No, McClatcher doesn’t rank among the 10 most productive wide receivers in the Pac-12 in total receiving yards. But he does lead the conference in yards per catch — an average of 22.2 yards on his 22 catches — and he is an X-factor in Friday’s Apple Cup.
Still stunned about Gardenhire
A day later, Washington co-defensive coordinator Jimmy Lake said Tuesday he was “still stunned” that cornerback Darren Gardenhire quit the team a day earlier.
“No question,” Lake said. “It was obviously just a difference of philosophy. Definitely surprised and still stunned and I love him. I’ll always love him. I recruited him. Spent a lot of time with him. I wish him the best.”

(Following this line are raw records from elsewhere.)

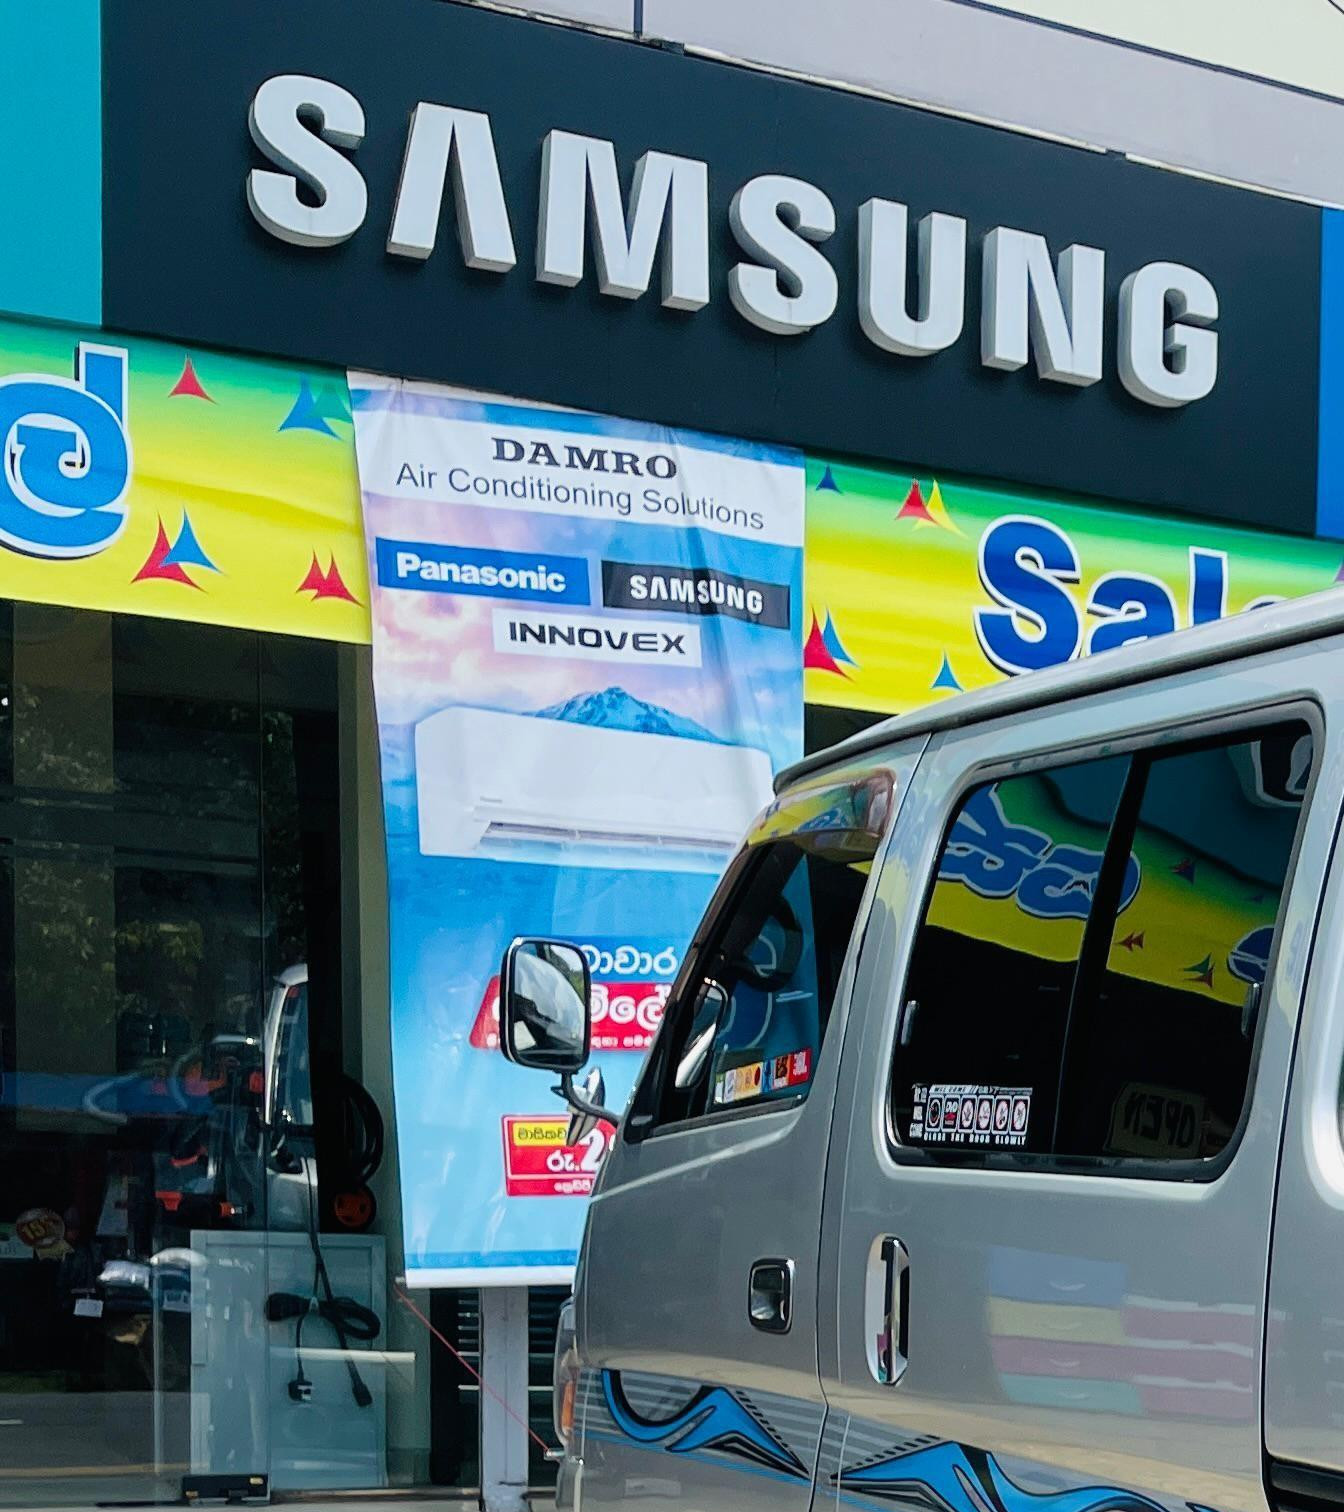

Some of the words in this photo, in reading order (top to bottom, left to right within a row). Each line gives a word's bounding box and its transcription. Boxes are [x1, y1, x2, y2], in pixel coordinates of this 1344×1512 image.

[246, 74, 1220, 409] SAMSUNG
[491, 436, 678, 480] DAMRO
[396, 461, 438, 490] Air
[447, 467, 633, 516] Conditioning
[642, 489, 765, 531] Solutions
[396, 551, 567, 594] Panasonic
[629, 574, 764, 616] SAMSUNG
[974, 514, 1290, 677] Sal
[508, 620, 687, 655] INNOVEX
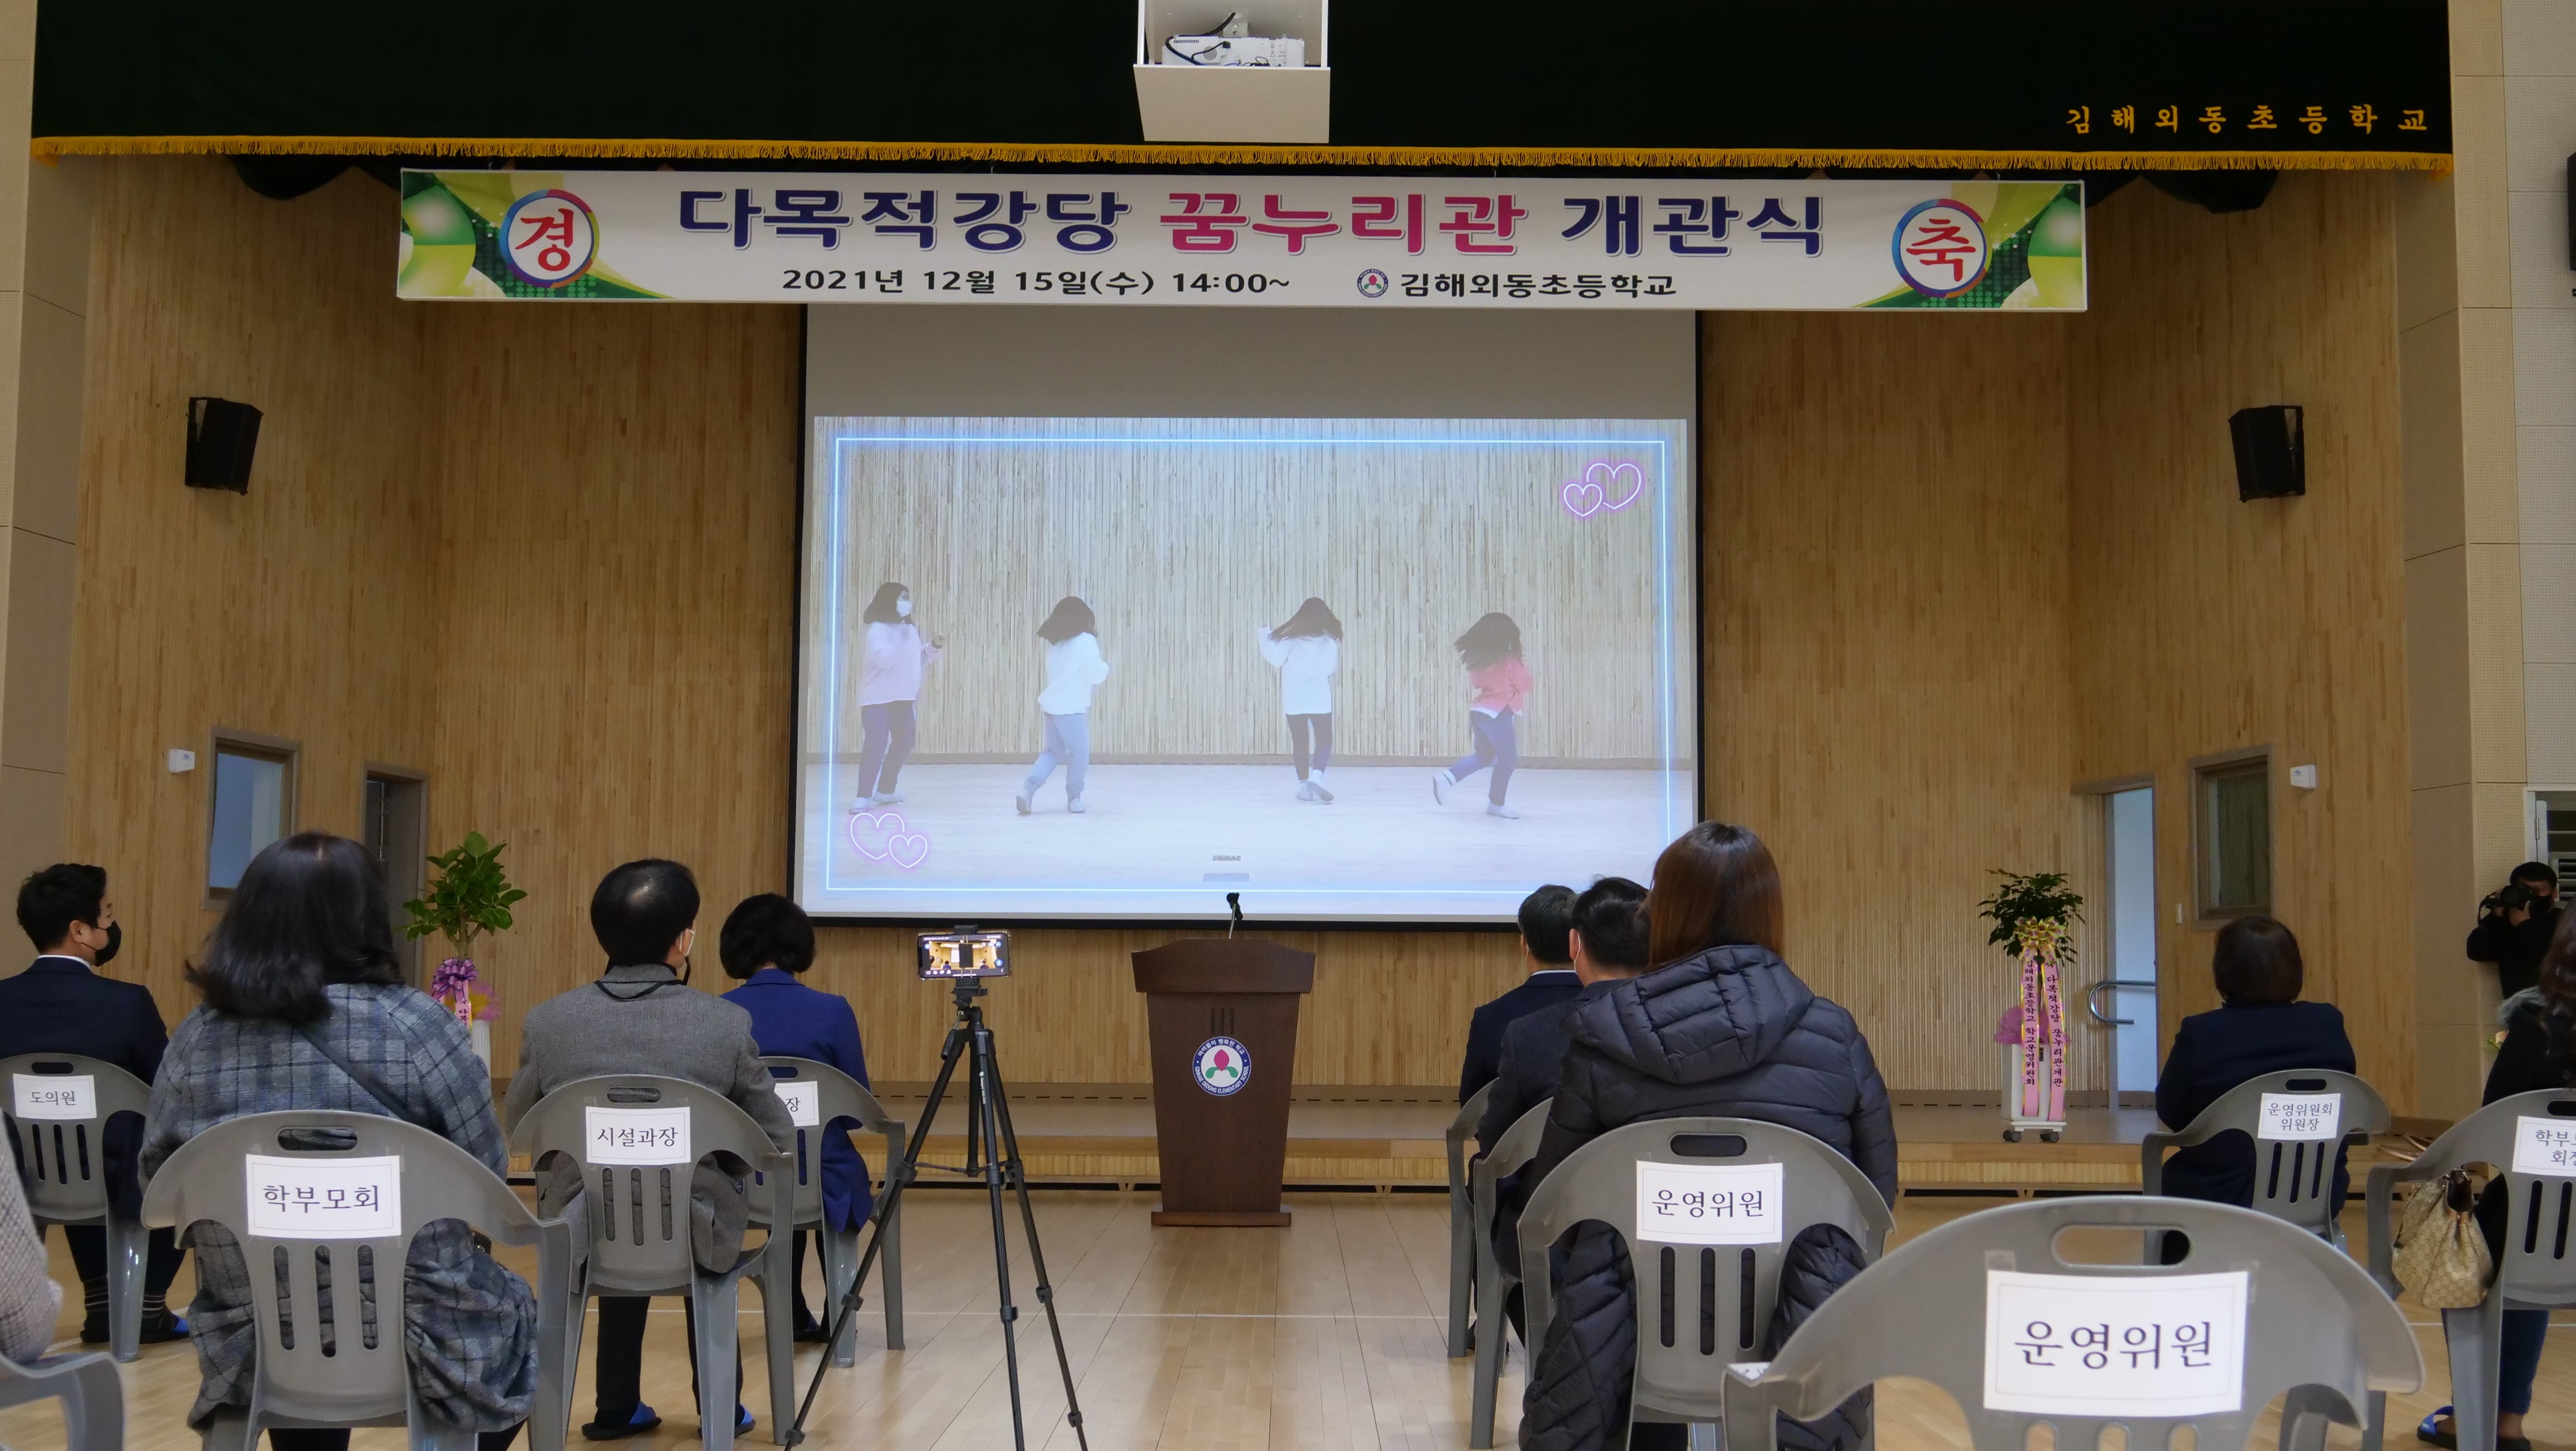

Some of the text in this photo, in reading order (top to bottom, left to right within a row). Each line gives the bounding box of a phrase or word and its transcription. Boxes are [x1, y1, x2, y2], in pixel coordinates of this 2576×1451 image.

[2066, 105, 2427, 134] 김해외동초등학교
[680, 188, 1824, 258] 다목적강당 꿈누리관 개관식
[516, 208, 574, 272] 경
[1906, 218, 1976, 282] 축
[782, 269, 1290, 296] 2021년 12월 15일(수) 14:00~
[1400, 273, 1677, 298] 김해외동초등학교
[2046, 975, 2061, 1023] 다목적강당
[458, 1009, 469, 1026] 다목
[1236, 1044, 1245, 1055] 학교
[2025, 1028, 2036, 1086] 학교운영위원회
[1217, 1080, 1243, 1093] ELEMENTARY
[1240, 1065, 1249, 1082] SCHOOL
[30, 1091, 76, 1106] 도의원
[2267, 1103, 2332, 1117] 운영위원회
[597, 1127, 678, 1147] 시설과장
[2280, 1118, 2320, 1131] 위원장
[263, 1185, 378, 1213] 학부모회
[1652, 1190, 1764, 1218] 운영위원
[2014, 1321, 2211, 1370] 운영위원

Gardenhire posted a message on social media Monday morning saying made “a real tough decision” to transfer to another school.
Sources told The Times on Monday that Gardenhire quit the team because he refused to take a team-sanctioned drug test. Gardenhire had been given a month’s notice about the test, a source said.
A friendly wager
The UW and WSU presidents have renewed a friendly wager over the outcome of the Apple Cup.
If the Huskies win, UW’s Ana Mari Cauce will receiver from WSU’s Kirk Schulz a shipment of Cougar Gold cheese. If the Cougars win, Schulz will receive Puget Sound salmon from Cauce.
Most humbling? The president of the losing side agreed to wear the opposing school colors and post a selfie in said colors on social media.